Dataset entries
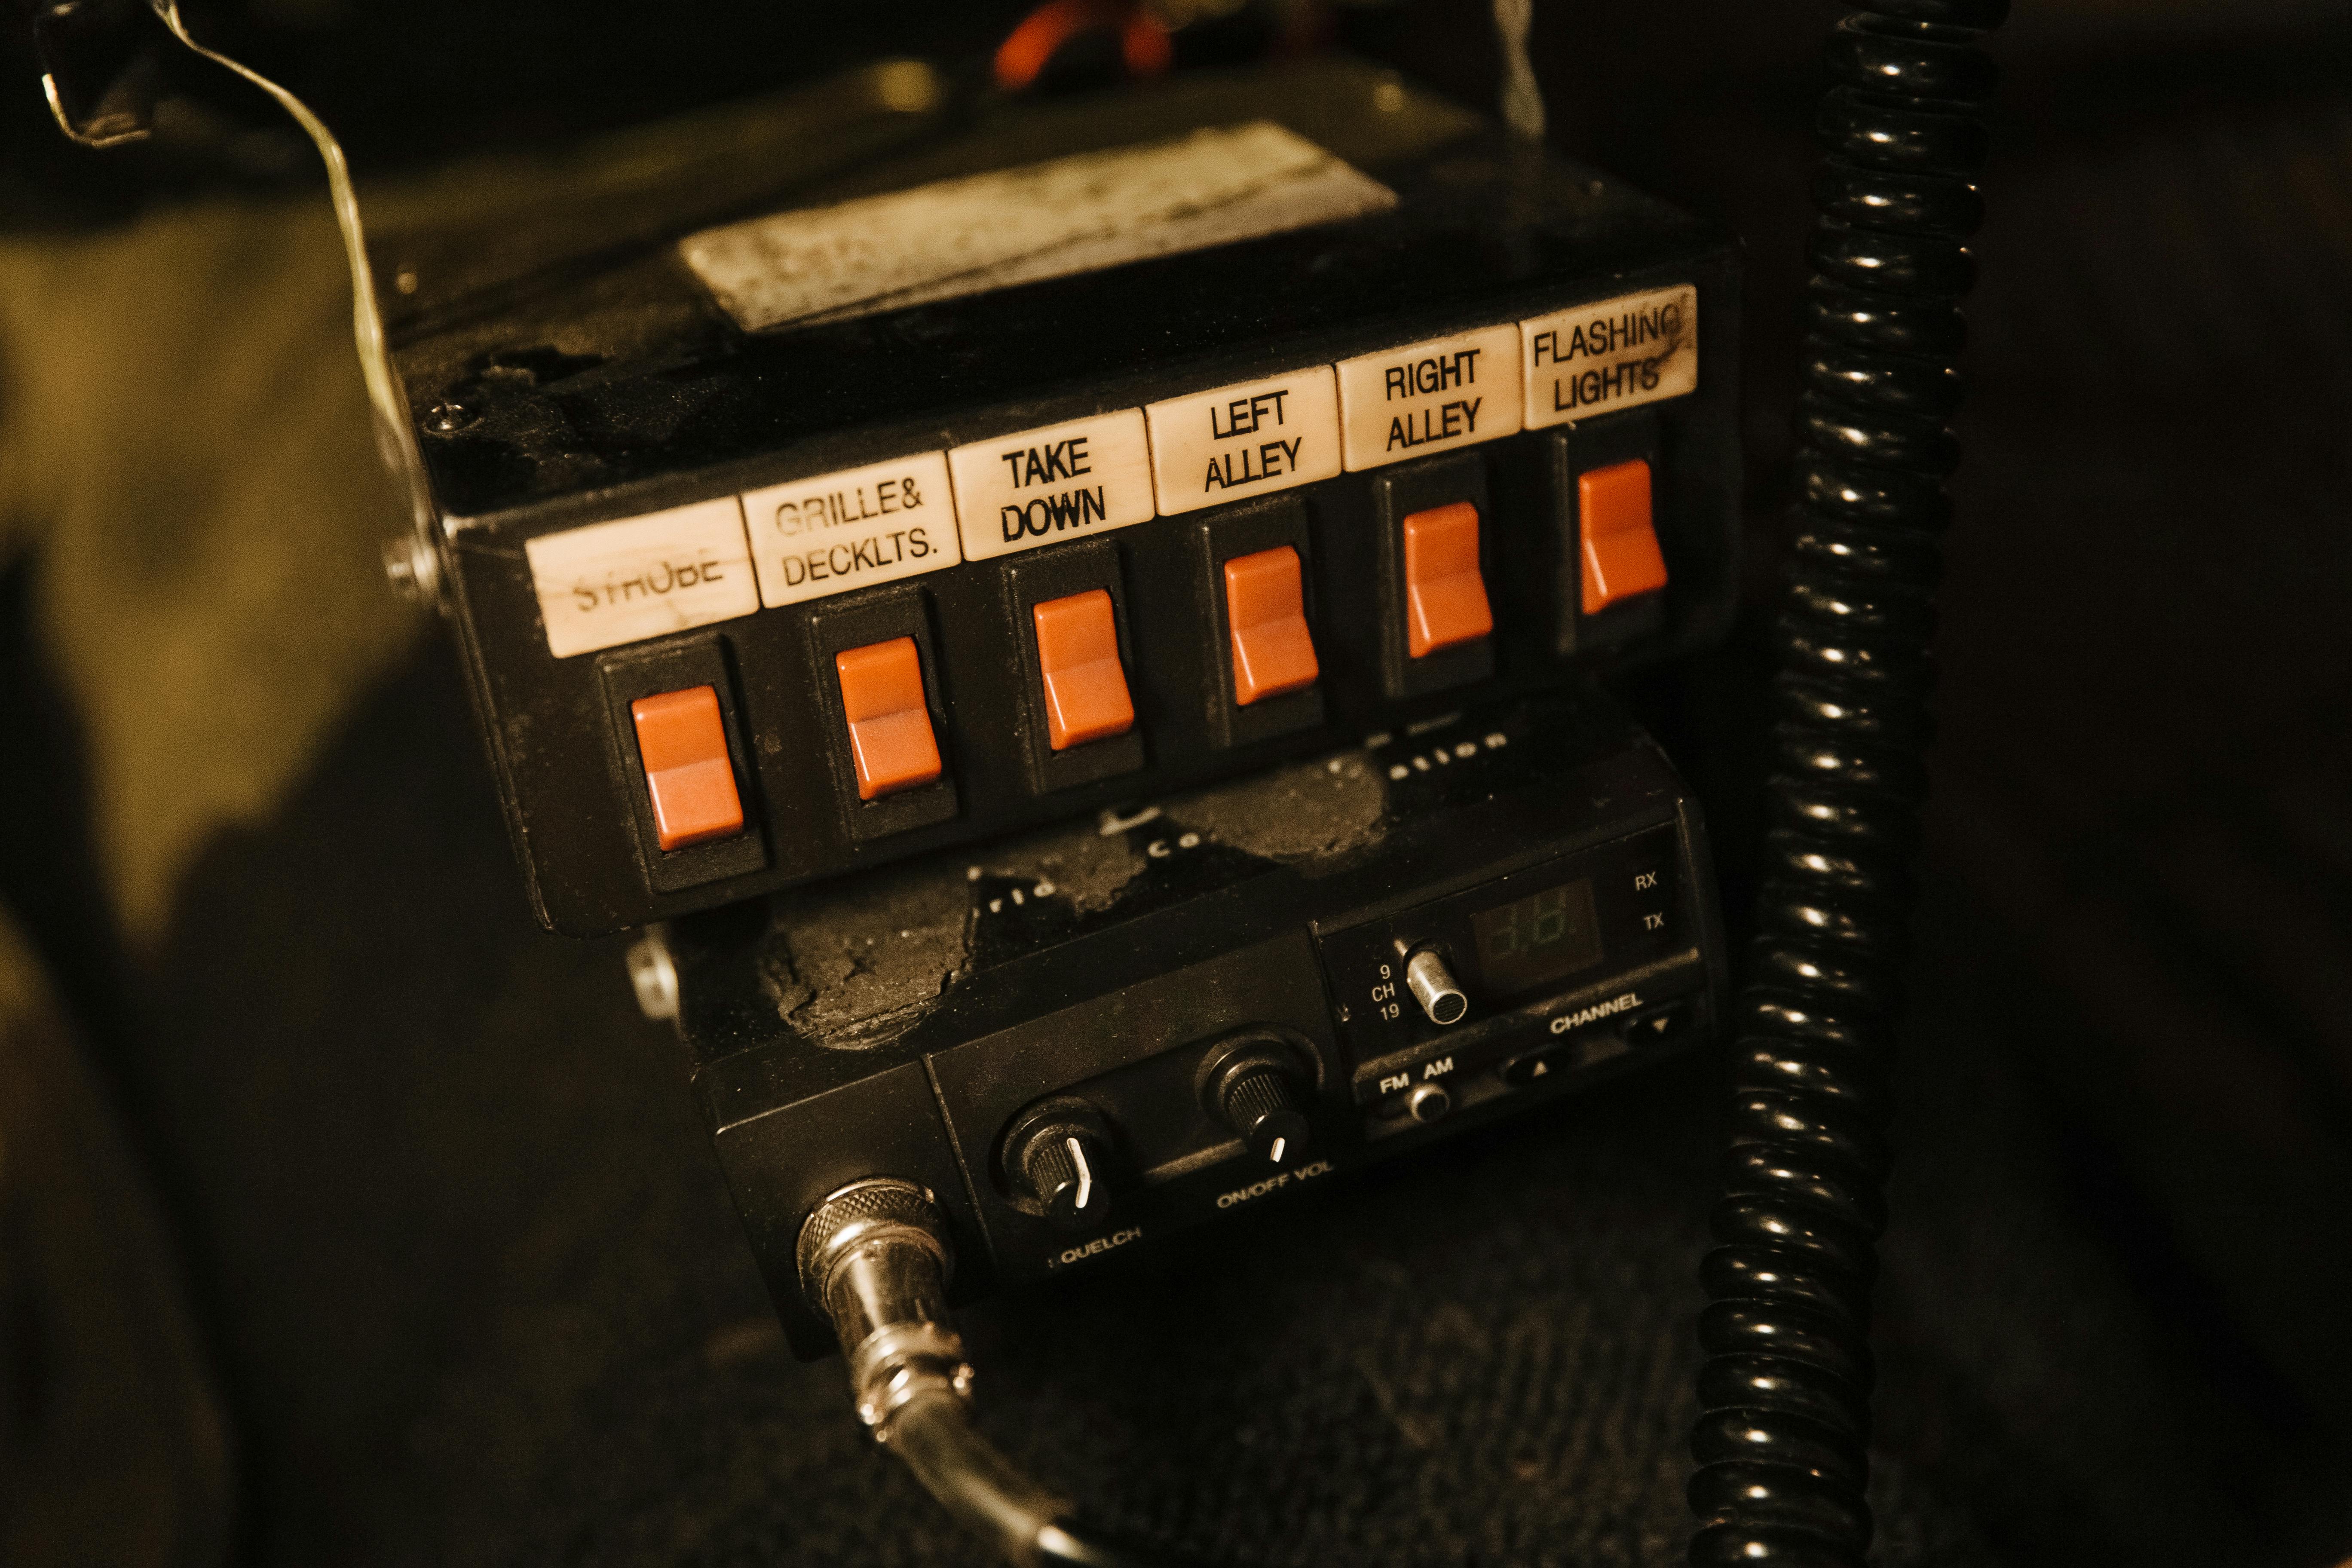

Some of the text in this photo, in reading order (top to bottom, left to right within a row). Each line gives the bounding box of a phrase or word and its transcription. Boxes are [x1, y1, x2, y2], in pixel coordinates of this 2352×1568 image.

[1385, 349, 1480, 401] RIGHT
[1555, 357, 1660, 411] LIGHTS
[1211, 389, 1288, 440] LEFT
[1386, 397, 1482, 451] ALLEY
[1002, 437, 1091, 488] TAKE
[1204, 437, 1302, 492] ALLEY
[776, 477, 923, 536] GRILLE&
[1001, 486, 1106, 542] DOWN
[782, 528, 937, 587] DECKLTS.
[1635, 871, 1657, 891] RX
[1643, 912, 1664, 931] TX
[1372, 983, 1395, 1001] CH
[1380, 965, 1390, 979] 9
[1380, 1003, 1400, 1020] 19
[1550, 992, 1644, 1034] CHANNEL
[1379, 1056, 1454, 1094] FM AM
[1216, 1160, 1333, 1208] ON/OFF VOL
[1047, 1227, 1142, 1268] QUELCH
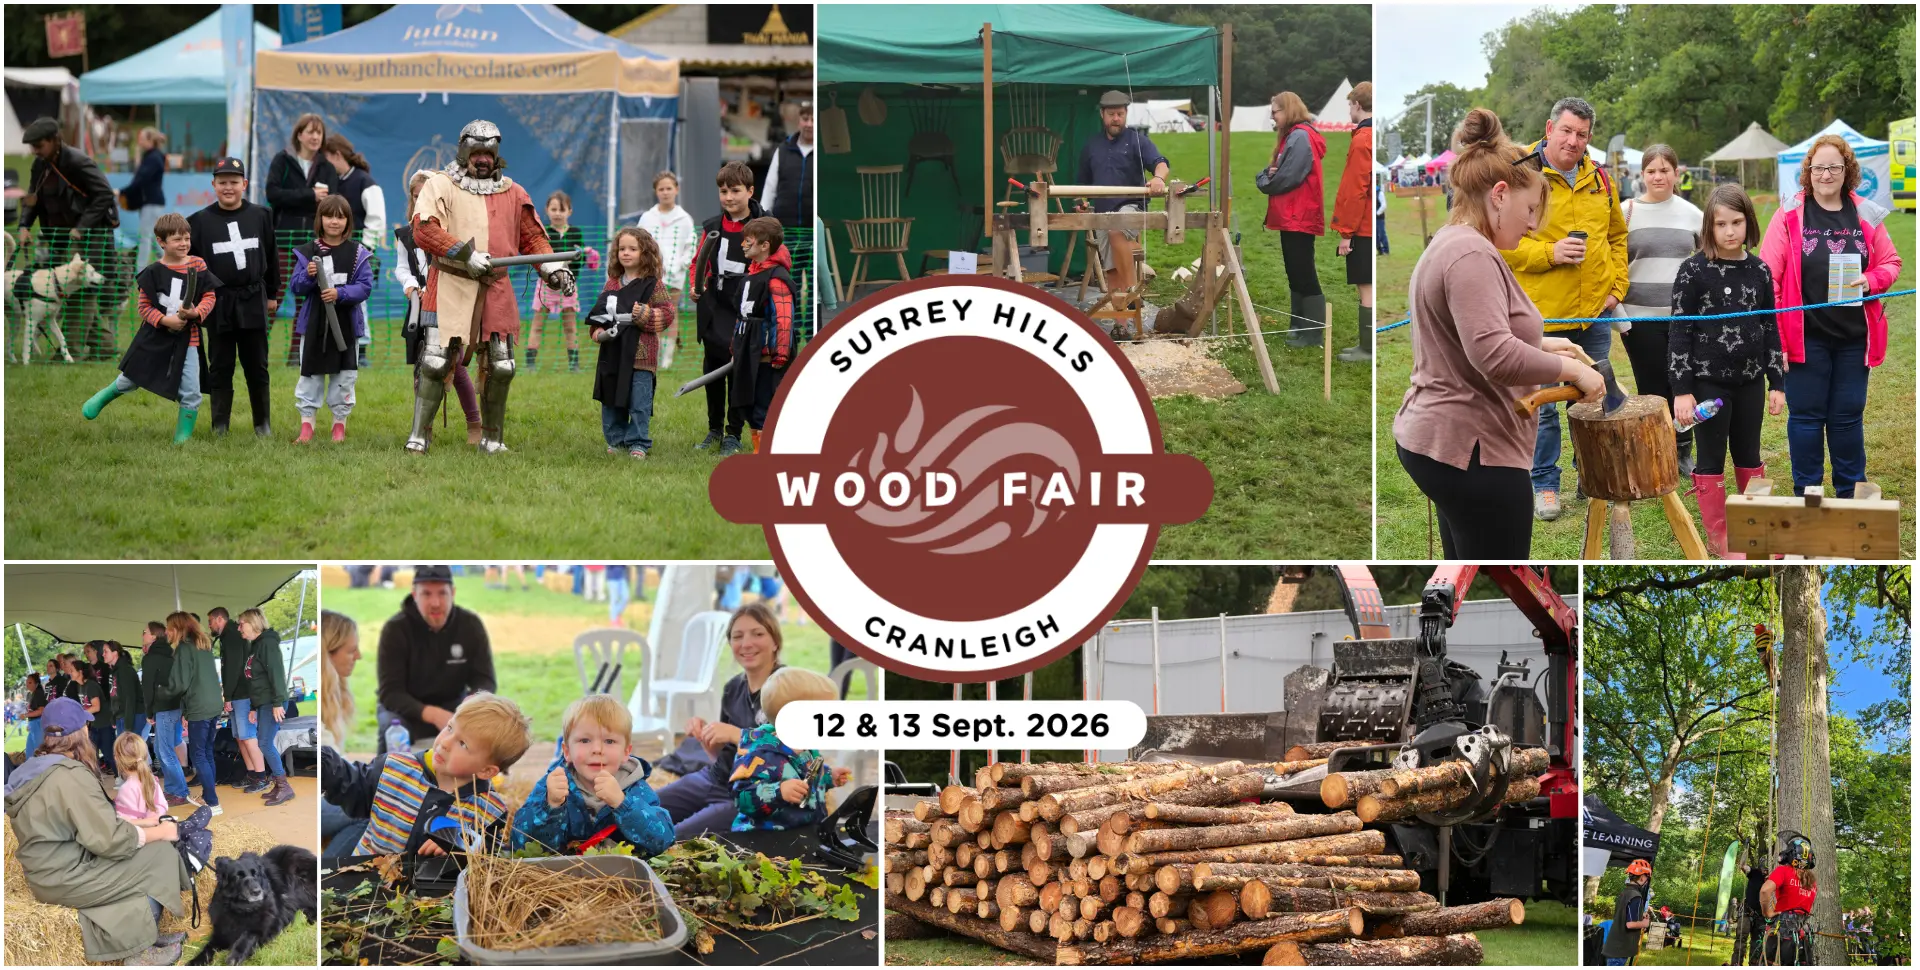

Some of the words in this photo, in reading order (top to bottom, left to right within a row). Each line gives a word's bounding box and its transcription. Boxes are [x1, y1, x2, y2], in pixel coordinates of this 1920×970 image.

### PROBLEM DETAILS
Each line above should be written out again unchanged; no images are to be carried over.

### SOLUTION TO THIS PROBLEM
Some of the text in this photo, in reading order (top to bottom, left to right within a row). Each line gives the bounding box of a phrase or word and its transcription. Boxes are [x1, y1, x2, y2], in pixel coordinates of this 2352×1568 image.

[1385, 349, 1480, 401] RIGHT
[1555, 357, 1660, 411] LIGHTS
[1211, 389, 1288, 440] LEFT
[1386, 397, 1482, 451] ALLEY
[1002, 437, 1091, 488] TAKE
[1204, 437, 1302, 492] ALLEY
[776, 477, 923, 536] GRILLE&
[1001, 486, 1106, 542] DOWN
[782, 528, 937, 587] DECKLTS.
[1635, 871, 1657, 891] RX
[1643, 912, 1664, 931] TX
[1372, 983, 1395, 1001] CH
[1380, 965, 1390, 979] 9
[1380, 1003, 1400, 1020] 19
[1550, 992, 1644, 1034] CHANNEL
[1379, 1056, 1454, 1094] FM AM
[1216, 1160, 1333, 1208] ON/OFF VOL
[1047, 1227, 1142, 1268] QUELCH

Some of the words in this photo, in reading order (top to bottom, left to right within a row). Each line gives a word's bounding box and its transcription. Boxes are [x1, y1, x2, y2], in pixel coordinates of this 1920×970 image.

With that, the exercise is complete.